Multiply these two together to get the posterior distribution.

```
h_grid <- g(x_grid, a1, b1)
outside <- x_grid < post05 | x_grid > post95
x_color <-
ifelse(outside, "white", "gray")
data.frame(x=x_grid, y=h_grid) %>%
ggplot(aes(x, y)) +
geom_segment(aes(xend=x_grid, yend=0), color=x_color) +
geom_line() + xlab(" ") + ylab(" ")
```

The posterior distribution is not close to either the prior distribution or the likelihood. It places $\theta$ within 1.40 and 2.07 with 95% probability. It excludes the prior mean of 1.10 and it excludes 2.1, the mean of the data.

### The hedging hyperprior

When the likelihood of your data and your informative prior are in conflict, you may wish to downweight the informative prior. You can do this by including a hedging hyperprior.

Define your prior distribution as an inverse gamma distributions with parameters $1+\lambda (\alpha-1)$ and $\lambda \beta$ where $\lambda$ ranges between 0 and 1. Then place a hyperprior on the parameter $\lambda$. The uniform(0,1) distribution is a reasonable choice for the hyperprior, but others are possible.

```
knitr::opts_chunk$set(echo=TRUE, fig.width=8, fig.height=8)
```

```
lambda_grid <- seq(0, 1, length=60)
theta_grid <- seq(0, x_max, length=60)
gstar <- function(theta, lambda) {g(theta, lambda*(a0-1)+1, lambda*(b0-1)+1)}
density <- outer(theta_grid, lambda_grid, gstar)
op <- par(bg = "white")
z_max <- max(density, na.rm=TRUE)
persp(
theta_grid,
lambda_grid,
density,
zlim=c(0, 1.1*z_max),
xlab="theta",
ylab="lambda",
theta = 135,
phi = 30,
expand=0.5,
ticktype="detailed")
```

It is hard to see at this scale, but the prior distribution is higher for small values of $\lambda$ when $\theta$ is very large. This becomes more obvious if you remove the middle of the surface and rescale the Z-axis. There is a similar pattern on the far side of the graph. The prior trends towards a higher prior for small values of $\lambda$ when $\theta$ is very small.

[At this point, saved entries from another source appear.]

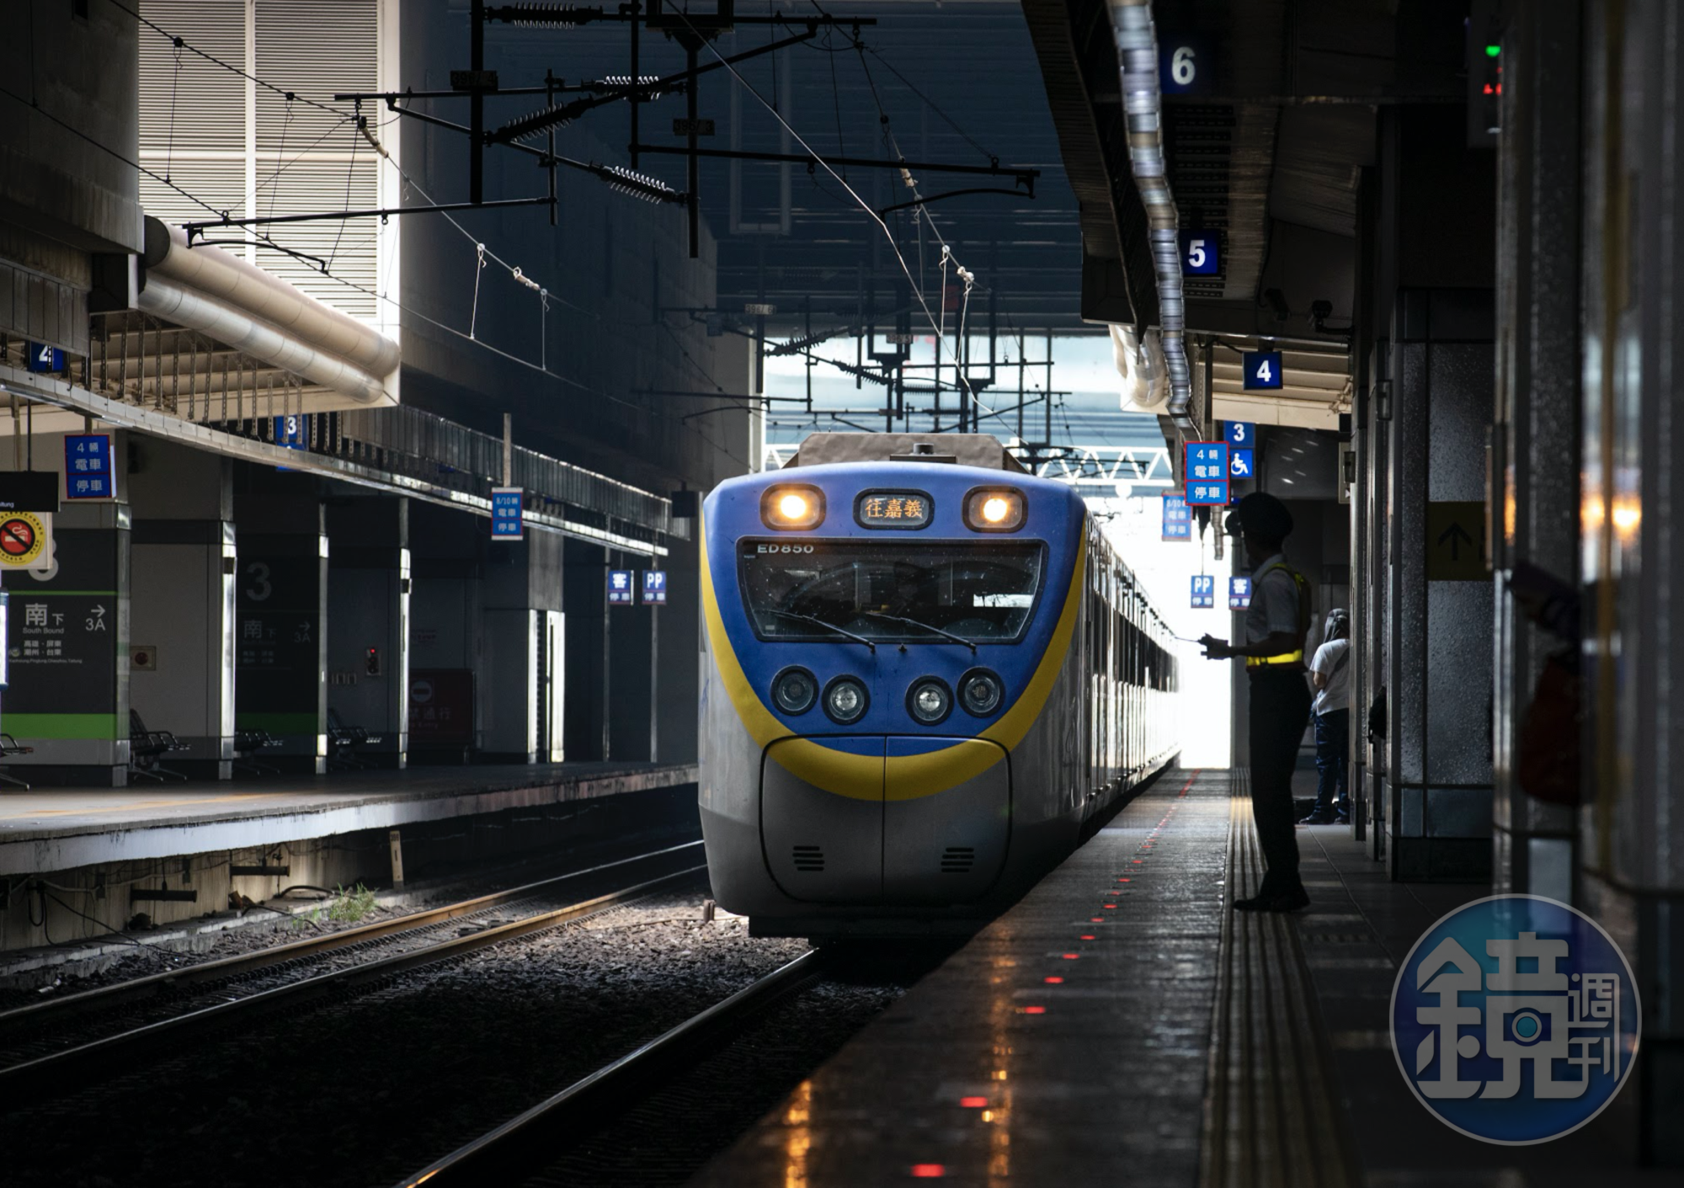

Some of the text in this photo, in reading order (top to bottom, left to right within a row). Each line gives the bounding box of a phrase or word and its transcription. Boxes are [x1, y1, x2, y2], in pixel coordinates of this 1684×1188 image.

[1171, 46, 1196, 85] 6
[1188, 239, 1206, 267] 5
[1256, 360, 1272, 382] 4
[1233, 423, 1245, 442] 3
[76, 479, 103, 493] 停車
[1194, 486, 1220, 499] 停車
[865, 498, 923, 519] 往嘉義
[757, 543, 814, 554] ED850
[246, 562, 272, 601] 3
[646, 573, 663, 589] PP
[1194, 577, 1211, 593] PP
[85, 618, 106, 631] 3A
[293, 631, 311, 643] 3A

This illustrates how the hedging hyperprior does its magic. It puts more probability on large values of $\lambda$ (gives closer to full weight for the informative prior) when you observe data values close to the prior mean. It puts more probability on small values of $\lambda$ (gives much less weight to the informative prior) when the data values are much larger or much smaller than the prior mean.

```
density <- outer(theta_grid, lambda_grid, gstar)
# density[12:32, ] <- NA
# density[11:40, ] <- NA
density[density>0.3] <- 0.3
op <- par(bg = "white")
z_max <- max(density, na.rm=TRUE)
persp(
theta_grid,
lambda_grid,
density,
zlim=c(0, 1.1*z_max),
xlab="theta",
ylab="lambda",
theta = 135,
phi = 30,
expand=0.5,
ticktype="detailed")
```

The likelihood function is constant across all values of $\lambda$, so its surface looks like the following.

```
lambda_grid <- seq(0, 1, length=60)
theta_grid <- seq(0, x_max, length=60)
fstar <- function(theta, lambda) {f(xbar, theta)^n}
likelihood <- outer(theta_grid, lambda_grid, fstar)
z_max <- max(likelihood, na.rm=TRUE)
persp(
theta_grid,
lambda_grid,
likelihood,
zlim=c(0, 1.1*z_max),
xlab="theta",
ylab="lambda",
theta = 135,
phi = 30,
expand=0.5,
ticktype="detailed")
```

The product of the prior and the likelihood is proportional to the posterior distribution.

```
lambda_grid <- seq(0, 1, length=60)
theta_grid <- seq(0, x_max, length=60)
hstar <- function(theta, lambda) {g(theta, lambda*(a0-1)+1, lambda*(b0-1)+1)*f(xbar, theta)^n}
density <- outer(theta_grid, lambda_grid, hstar)
z_max <- max(density, na.rm=TRUE)
persp(
theta_grid,
lambda_grid,
density,
zlim=c(0, 1.1*z_max),
xlab="theta",
ylab="lambda",
theta = 135,
phi = 30,
expand=0.5,
ticktype="detailed")
```

A contour plot shows where the probability is concentrated. The labels on the contour lines represent how much probabilty is found inside the contour line.

```
density <- density / sum(density, na.rm=TRUE)
density %>%
as.vector %>%
sort %>%
rev -> sorted_density
cumulative_p <- 0
for (p in sorted_density) {
cumulative_p <- p + cumulative_p
density[density==p] <- cumulative_p
}
contour(
theta_grid,
lambda_grid,
density,
labcex=1,
levels=c(10, 25, 50, 75, 90)/100,
xlab="theta",
ylab="lambda")
```

You can see that the hedging hyperprior did its job. The most probable values of $\lambda$ are small and the prior mean (1.1) is largely ignored in favor of the mean of the data (2.1).